## Goal of the exercise
Your task is to reproduce exactly the lines from the line with "this 1067×1600 image." through the end of the records below.

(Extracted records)
────────────────────

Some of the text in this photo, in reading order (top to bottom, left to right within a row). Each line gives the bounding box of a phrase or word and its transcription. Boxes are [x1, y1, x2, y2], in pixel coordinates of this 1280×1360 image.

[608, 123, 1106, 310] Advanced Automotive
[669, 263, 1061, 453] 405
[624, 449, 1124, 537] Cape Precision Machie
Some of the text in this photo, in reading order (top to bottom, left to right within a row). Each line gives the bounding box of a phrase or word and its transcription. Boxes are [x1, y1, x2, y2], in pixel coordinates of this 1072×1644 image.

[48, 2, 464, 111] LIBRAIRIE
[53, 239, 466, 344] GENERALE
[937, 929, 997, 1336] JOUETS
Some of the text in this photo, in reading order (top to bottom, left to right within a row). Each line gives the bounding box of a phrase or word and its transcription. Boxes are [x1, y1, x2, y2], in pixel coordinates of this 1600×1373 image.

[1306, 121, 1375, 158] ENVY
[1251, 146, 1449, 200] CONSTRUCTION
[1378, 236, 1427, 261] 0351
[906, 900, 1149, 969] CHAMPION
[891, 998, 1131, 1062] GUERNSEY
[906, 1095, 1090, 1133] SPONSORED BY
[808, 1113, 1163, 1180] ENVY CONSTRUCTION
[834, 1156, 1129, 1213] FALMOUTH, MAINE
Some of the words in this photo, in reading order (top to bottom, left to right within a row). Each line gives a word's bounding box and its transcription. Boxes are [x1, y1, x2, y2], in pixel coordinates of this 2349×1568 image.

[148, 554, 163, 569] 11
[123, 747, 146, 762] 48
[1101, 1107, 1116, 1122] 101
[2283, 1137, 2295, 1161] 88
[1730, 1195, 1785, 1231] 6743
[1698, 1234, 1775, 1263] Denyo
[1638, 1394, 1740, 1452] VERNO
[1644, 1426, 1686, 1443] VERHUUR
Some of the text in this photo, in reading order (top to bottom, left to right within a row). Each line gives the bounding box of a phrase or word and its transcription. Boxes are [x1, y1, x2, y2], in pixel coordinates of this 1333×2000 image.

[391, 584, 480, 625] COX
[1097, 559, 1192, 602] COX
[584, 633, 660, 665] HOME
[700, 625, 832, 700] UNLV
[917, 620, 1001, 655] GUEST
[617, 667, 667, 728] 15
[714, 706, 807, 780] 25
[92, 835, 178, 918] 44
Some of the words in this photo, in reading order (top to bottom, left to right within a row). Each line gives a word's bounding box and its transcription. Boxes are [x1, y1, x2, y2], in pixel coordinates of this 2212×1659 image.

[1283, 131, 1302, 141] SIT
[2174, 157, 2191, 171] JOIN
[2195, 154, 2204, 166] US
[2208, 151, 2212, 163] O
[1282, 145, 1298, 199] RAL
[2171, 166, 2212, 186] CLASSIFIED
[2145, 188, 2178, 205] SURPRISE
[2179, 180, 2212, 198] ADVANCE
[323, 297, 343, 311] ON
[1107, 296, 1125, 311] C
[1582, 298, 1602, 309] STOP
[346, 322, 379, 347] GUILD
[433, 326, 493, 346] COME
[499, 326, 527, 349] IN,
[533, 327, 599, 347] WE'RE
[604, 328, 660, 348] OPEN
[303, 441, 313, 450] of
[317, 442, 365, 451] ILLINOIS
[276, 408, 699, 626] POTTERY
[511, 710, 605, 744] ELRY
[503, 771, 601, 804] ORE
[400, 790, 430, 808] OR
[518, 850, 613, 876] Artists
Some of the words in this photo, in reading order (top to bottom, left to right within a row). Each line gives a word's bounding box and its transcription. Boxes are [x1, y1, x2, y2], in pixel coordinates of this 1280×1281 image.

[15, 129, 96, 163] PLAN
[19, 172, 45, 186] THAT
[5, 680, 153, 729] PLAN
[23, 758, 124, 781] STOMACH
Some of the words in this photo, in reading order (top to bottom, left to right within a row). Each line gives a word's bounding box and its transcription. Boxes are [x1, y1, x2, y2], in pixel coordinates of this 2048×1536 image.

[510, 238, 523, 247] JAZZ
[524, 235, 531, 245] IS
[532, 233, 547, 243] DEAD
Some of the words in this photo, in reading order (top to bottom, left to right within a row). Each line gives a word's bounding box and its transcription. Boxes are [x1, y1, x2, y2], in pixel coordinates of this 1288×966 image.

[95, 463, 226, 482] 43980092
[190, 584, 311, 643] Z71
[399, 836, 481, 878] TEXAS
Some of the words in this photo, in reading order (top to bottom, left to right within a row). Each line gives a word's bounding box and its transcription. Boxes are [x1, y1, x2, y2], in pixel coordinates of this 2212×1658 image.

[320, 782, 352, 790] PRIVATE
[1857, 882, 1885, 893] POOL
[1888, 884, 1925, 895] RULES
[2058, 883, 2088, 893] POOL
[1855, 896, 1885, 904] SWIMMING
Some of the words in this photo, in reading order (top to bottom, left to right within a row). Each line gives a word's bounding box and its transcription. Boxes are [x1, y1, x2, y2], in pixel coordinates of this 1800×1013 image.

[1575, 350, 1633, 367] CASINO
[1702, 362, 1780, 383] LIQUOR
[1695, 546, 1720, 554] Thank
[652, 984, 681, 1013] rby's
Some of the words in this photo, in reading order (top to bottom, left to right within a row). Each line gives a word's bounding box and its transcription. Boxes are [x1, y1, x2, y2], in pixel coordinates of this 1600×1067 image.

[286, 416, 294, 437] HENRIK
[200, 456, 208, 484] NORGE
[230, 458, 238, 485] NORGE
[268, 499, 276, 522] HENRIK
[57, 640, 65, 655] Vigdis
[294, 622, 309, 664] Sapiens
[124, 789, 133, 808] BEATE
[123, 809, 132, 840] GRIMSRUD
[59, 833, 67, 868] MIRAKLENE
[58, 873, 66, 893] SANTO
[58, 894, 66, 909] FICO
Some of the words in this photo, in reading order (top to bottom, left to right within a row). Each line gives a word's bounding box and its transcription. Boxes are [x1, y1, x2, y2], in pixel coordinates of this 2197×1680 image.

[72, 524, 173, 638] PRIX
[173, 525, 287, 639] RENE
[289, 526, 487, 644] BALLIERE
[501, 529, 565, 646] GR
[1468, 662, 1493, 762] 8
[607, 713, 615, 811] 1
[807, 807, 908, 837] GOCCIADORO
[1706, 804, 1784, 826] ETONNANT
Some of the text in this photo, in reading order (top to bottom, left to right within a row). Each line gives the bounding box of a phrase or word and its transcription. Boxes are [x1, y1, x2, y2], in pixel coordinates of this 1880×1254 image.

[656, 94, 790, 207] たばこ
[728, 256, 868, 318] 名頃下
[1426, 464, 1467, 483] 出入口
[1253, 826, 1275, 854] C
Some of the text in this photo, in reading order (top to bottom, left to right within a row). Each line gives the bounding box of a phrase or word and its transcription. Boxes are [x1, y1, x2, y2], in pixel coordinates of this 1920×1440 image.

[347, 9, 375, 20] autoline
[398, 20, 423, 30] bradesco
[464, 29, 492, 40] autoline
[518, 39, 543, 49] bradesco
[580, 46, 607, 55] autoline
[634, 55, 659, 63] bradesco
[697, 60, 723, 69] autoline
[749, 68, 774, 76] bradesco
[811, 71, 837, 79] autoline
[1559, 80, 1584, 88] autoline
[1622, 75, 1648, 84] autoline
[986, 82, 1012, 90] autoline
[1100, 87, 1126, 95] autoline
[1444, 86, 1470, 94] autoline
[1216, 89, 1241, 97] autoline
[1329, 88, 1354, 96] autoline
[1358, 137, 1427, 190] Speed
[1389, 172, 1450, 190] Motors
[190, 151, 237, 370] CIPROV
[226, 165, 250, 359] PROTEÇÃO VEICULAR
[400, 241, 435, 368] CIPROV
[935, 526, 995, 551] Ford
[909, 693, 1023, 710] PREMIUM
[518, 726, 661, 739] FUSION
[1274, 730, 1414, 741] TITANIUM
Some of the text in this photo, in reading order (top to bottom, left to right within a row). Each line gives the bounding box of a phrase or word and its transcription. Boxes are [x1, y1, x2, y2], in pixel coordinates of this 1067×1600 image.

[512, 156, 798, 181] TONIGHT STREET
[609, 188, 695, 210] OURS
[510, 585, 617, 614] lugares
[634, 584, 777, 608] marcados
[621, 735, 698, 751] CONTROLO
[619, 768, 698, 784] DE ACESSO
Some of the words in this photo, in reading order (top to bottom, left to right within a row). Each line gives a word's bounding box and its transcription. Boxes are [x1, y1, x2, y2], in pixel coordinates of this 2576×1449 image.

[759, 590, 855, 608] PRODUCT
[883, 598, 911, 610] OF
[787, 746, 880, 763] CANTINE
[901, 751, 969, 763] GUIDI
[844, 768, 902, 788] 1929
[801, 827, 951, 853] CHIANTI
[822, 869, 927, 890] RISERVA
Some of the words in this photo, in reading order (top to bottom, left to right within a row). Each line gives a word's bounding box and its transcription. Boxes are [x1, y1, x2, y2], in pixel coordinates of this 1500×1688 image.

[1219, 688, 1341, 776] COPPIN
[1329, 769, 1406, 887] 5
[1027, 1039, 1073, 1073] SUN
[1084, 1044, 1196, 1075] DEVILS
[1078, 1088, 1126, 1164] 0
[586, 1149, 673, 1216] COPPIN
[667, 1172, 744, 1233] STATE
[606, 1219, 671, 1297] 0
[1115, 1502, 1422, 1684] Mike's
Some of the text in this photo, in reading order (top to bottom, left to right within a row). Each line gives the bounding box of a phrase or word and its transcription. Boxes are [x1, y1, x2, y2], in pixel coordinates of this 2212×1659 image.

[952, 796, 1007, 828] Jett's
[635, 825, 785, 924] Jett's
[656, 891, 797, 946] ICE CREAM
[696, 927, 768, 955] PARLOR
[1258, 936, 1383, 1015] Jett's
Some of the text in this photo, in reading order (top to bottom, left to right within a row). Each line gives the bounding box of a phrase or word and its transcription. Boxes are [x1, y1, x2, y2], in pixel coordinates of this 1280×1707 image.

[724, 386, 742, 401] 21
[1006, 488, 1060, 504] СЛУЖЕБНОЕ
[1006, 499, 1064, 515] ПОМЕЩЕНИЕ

────────────────────

## Result for this task
Some of the text in this photo, in reading order (top to bottom, left to right within a row). Each line gives the bounding box of a phrase or word and its transcription. Boxes are [x1, y1, x2, y2], in pixel coordinates of this 1067×1600 image.

[512, 156, 798, 181] TONIGHT STREET
[609, 188, 695, 210] OURS
[510, 585, 617, 614] lugares
[634, 584, 777, 608] marcados
[621, 735, 698, 751] CONTROLO
[619, 768, 698, 784] DE ACESSO
Some of the words in this photo, in reading order (top to bottom, left to right within a row). Each line gives a word's bounding box and its transcription. Boxes are [x1, y1, x2, y2], in pixel coordinates of this 2576×1449 image.

[759, 590, 855, 608] PRODUCT
[883, 598, 911, 610] OF
[787, 746, 880, 763] CANTINE
[901, 751, 969, 763] GUIDI
[844, 768, 902, 788] 1929
[801, 827, 951, 853] CHIANTI
[822, 869, 927, 890] RISERVA
Some of the words in this photo, in reading order (top to bottom, left to right within a row). Each line gives a word's bounding box and its transcription. Boxes are [x1, y1, x2, y2], in pixel coordinates of this 1500×1688 image.

[1219, 688, 1341, 776] COPPIN
[1329, 769, 1406, 887] 5
[1027, 1039, 1073, 1073] SUN
[1084, 1044, 1196, 1075] DEVILS
[1078, 1088, 1126, 1164] 0
[586, 1149, 673, 1216] COPPIN
[667, 1172, 744, 1233] STATE
[606, 1219, 671, 1297] 0
[1115, 1502, 1422, 1684] Mike's
Some of the text in this photo, in reading order (top to bottom, left to right within a row). Each line gives the bounding box of a phrase or word and its transcription. Boxes are [x1, y1, x2, y2], in pixel coordinates of this 2212×1659 image.

[952, 796, 1007, 828] Jett's
[635, 825, 785, 924] Jett's
[656, 891, 797, 946] ICE CREAM
[696, 927, 768, 955] PARLOR
[1258, 936, 1383, 1015] Jett's
Some of the text in this photo, in reading order (top to bottom, left to right within a row). Each line gives the bounding box of a phrase or word and its transcription. Boxes are [x1, y1, x2, y2], in pixel coordinates of this 1280×1707 image.

[724, 386, 742, 401] 21
[1006, 488, 1060, 504] СЛУЖЕБНОЕ
[1006, 499, 1064, 515] ПОМЕЩЕНИЕ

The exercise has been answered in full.